Cell Number 37, 'Britain's Guantanamo Bay' – a single occupancy cell, furnished sparsely with a plastic chair, metal bed and steel toilet.

For over 150 days this has been Julian Assange's residence, whether he likes it or not. And a judge has ruled today, he is to remain there even after his jail sentence is over. 

Swiftly after his asylum status was stripped by the Ecuadorian government, the British authorities sentenced Assange to fifty weeks in prison, for violating his bail. The maximum sentence being fifty-two weeks and the typical sentence being none and a fine.

With his arrest, Assange was moved to HMP Belmarsh, a maximum-security prison in South London. Belmarsh during the early millennium was known as 'Britain's Guantanamo Bay' for its foreign detainees, held without trial.

When you visit the prison, you are immediately struck by its fortress-like exterior.
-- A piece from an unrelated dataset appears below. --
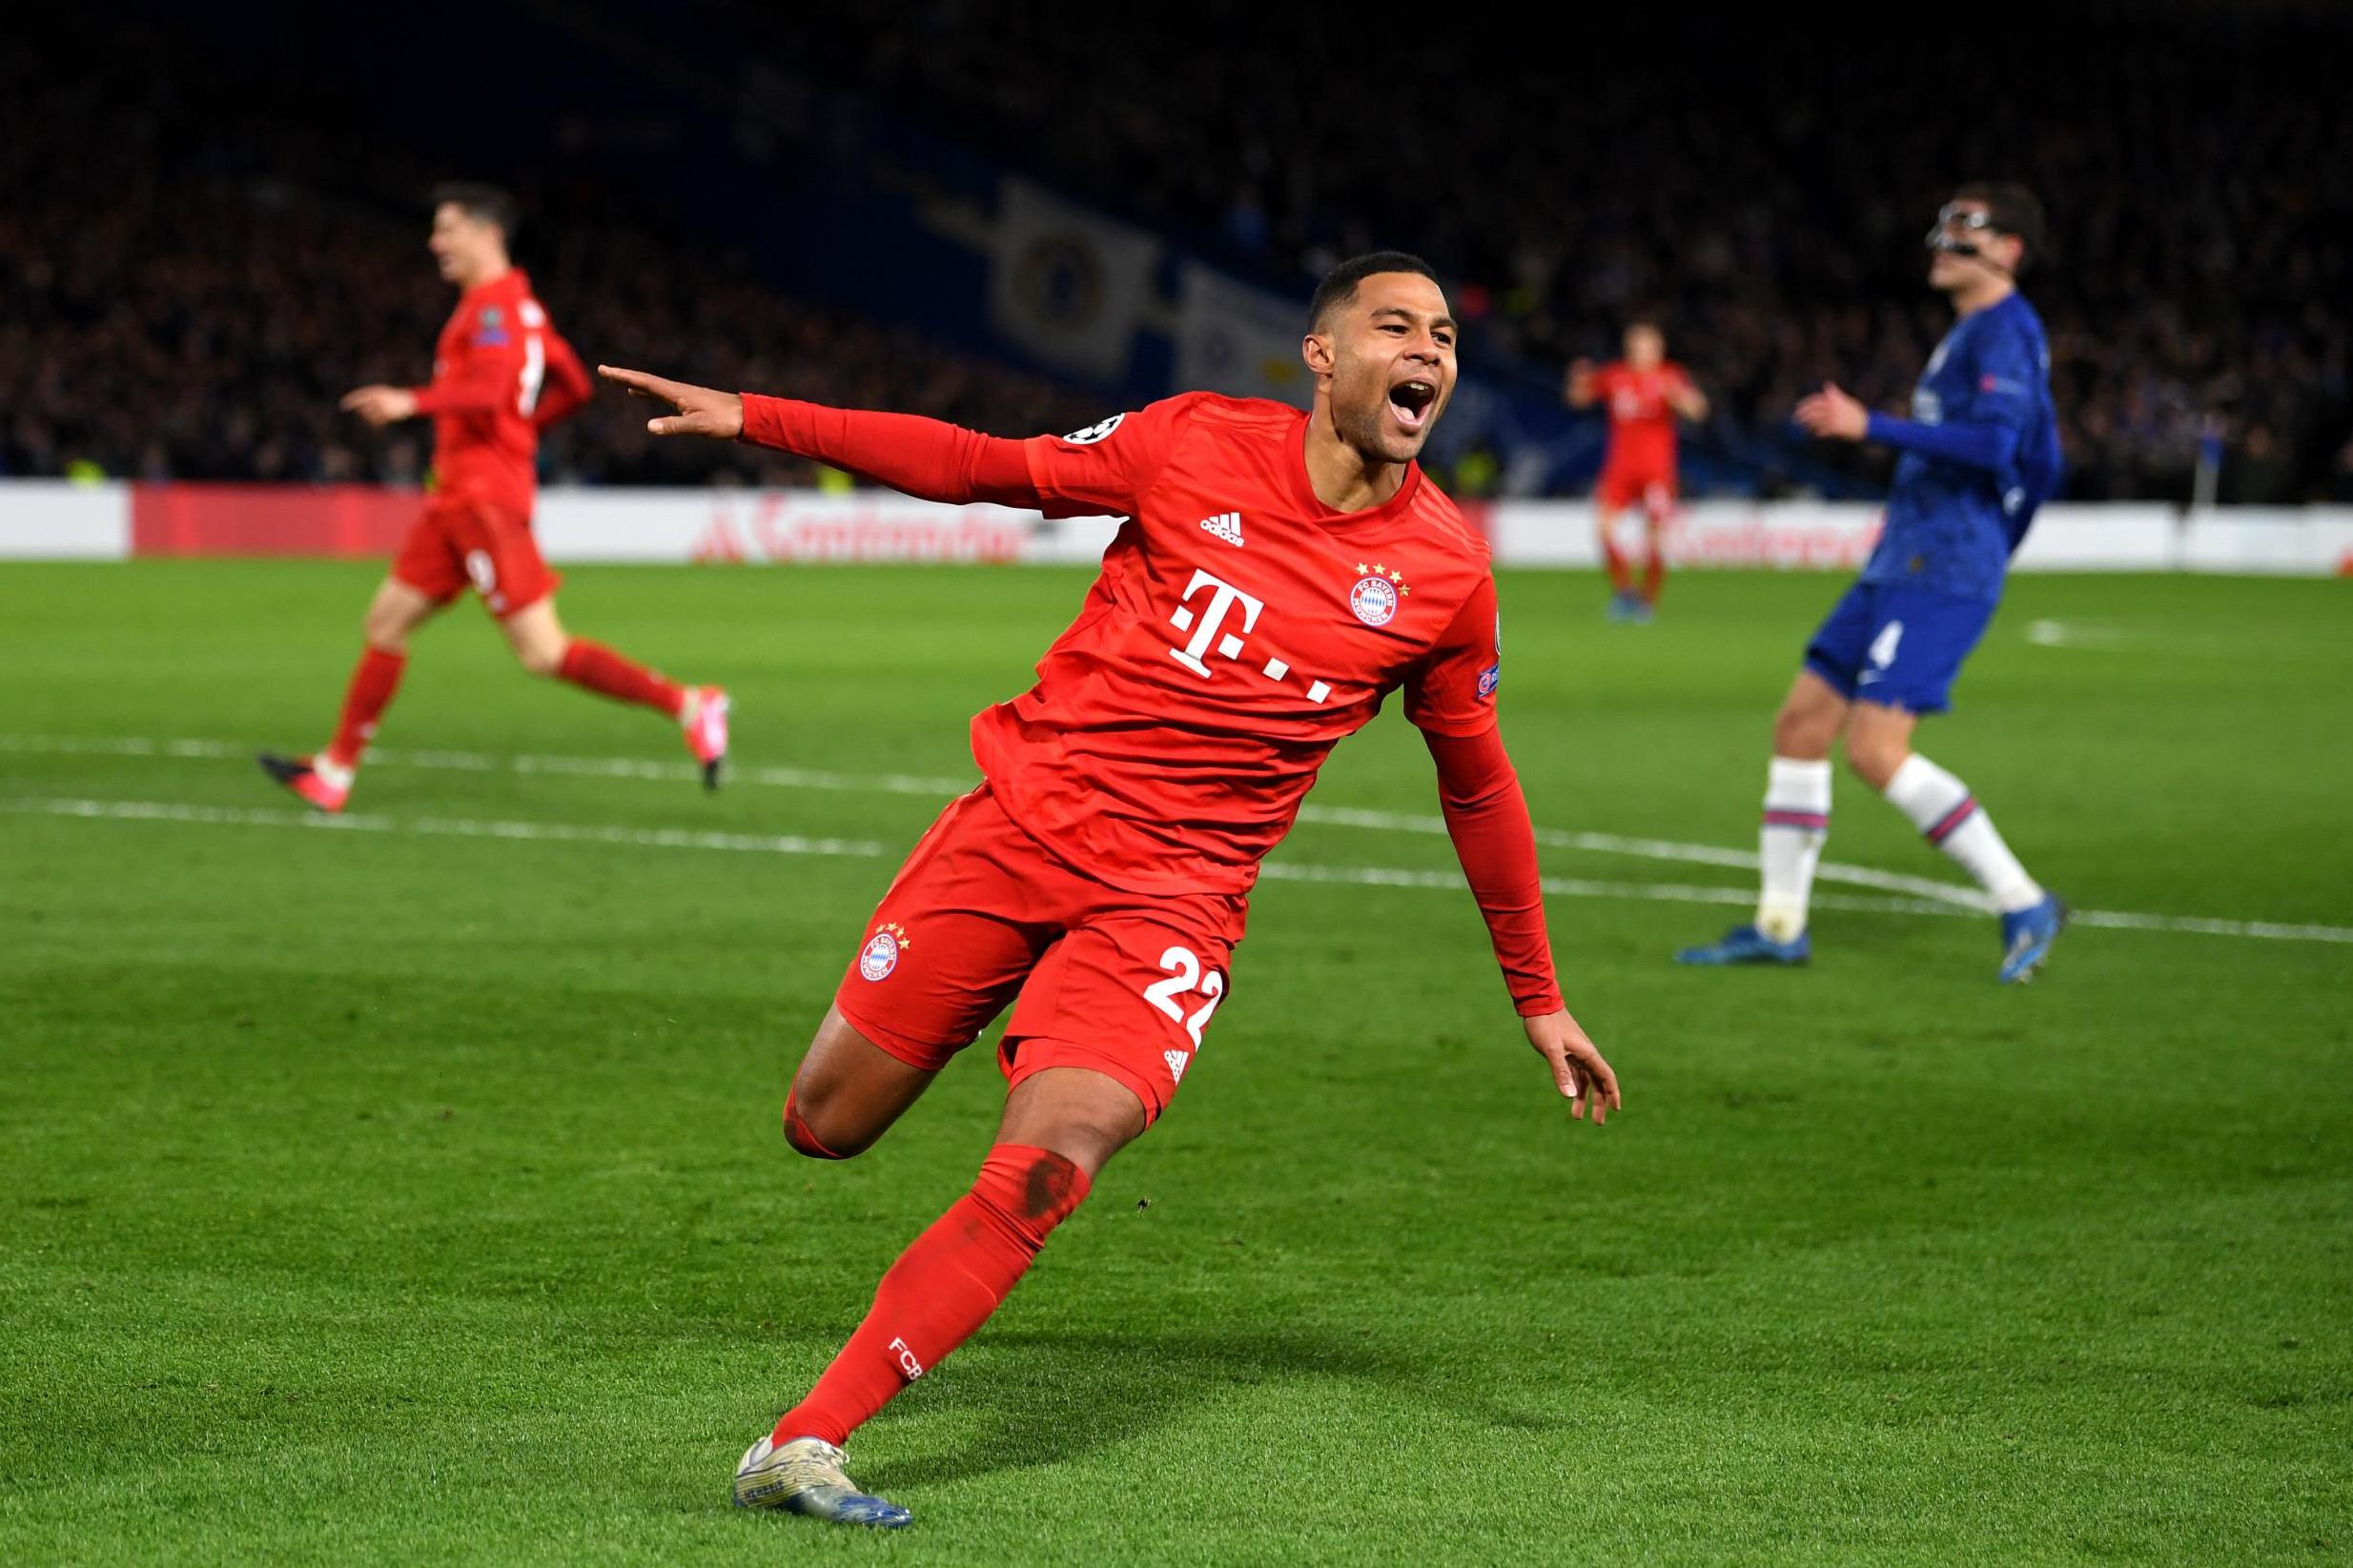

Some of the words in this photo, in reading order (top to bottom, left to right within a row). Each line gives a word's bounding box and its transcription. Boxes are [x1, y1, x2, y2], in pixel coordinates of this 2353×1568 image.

With its water-stained concrete perimeter walls, enumerable CCTV cameras and floodlights.

In two exclusive interviews with the European Centre for Press and Media Freedom (ECPMF), Julian Assange's most notable visitors paint a harrowing picture of his current condition.

Professor Nils Melzer is the United Nation's Special Rapporteur on TortureEvery day, he receives around fifteen requests, to investigate individual cases of alleged torture.

"But I can only deal with maybe one or two", Melzer tells the European Centre for Press and Media Freedom (ECPMF). But when in March, Assange's lawyers reached out to his office for a second time, providing credible evidence for the claim of ill-treatment, Melzer thought "I owe it to my professional standards to at least look into this."

A visibly fatigued and emaciated Assange greeted Melzer and his team during their visit on 9. May. It had been 28 days since Assange's arrest. He was wearing a plain blue jumper and grey joggers.

Melzer and his team's visit lasted for four hours. For three of those four hours Melzer and two medical experts, Professor Duarte Nuno Vieira from Portugal and Dr. Pau Perez-Sales from Spain conducted a medical assessment of Assange.

It followed the 'Istanbul Protocol'. The protocol's full name is the 'Manual on Effective Investigation and Documentation of Torture and Other Cruel, Inhuman or Degrading Treatment or Punishment.'

Melzer tells the ECPMF that at first, "after what this man [Assange] had gone through, I didn't know what to expect."

"From a medical perspective, both doctors concluded that his state of health was critical, and that it might deteriorate rapidly if he is not stabilized. And that's exactly what happened."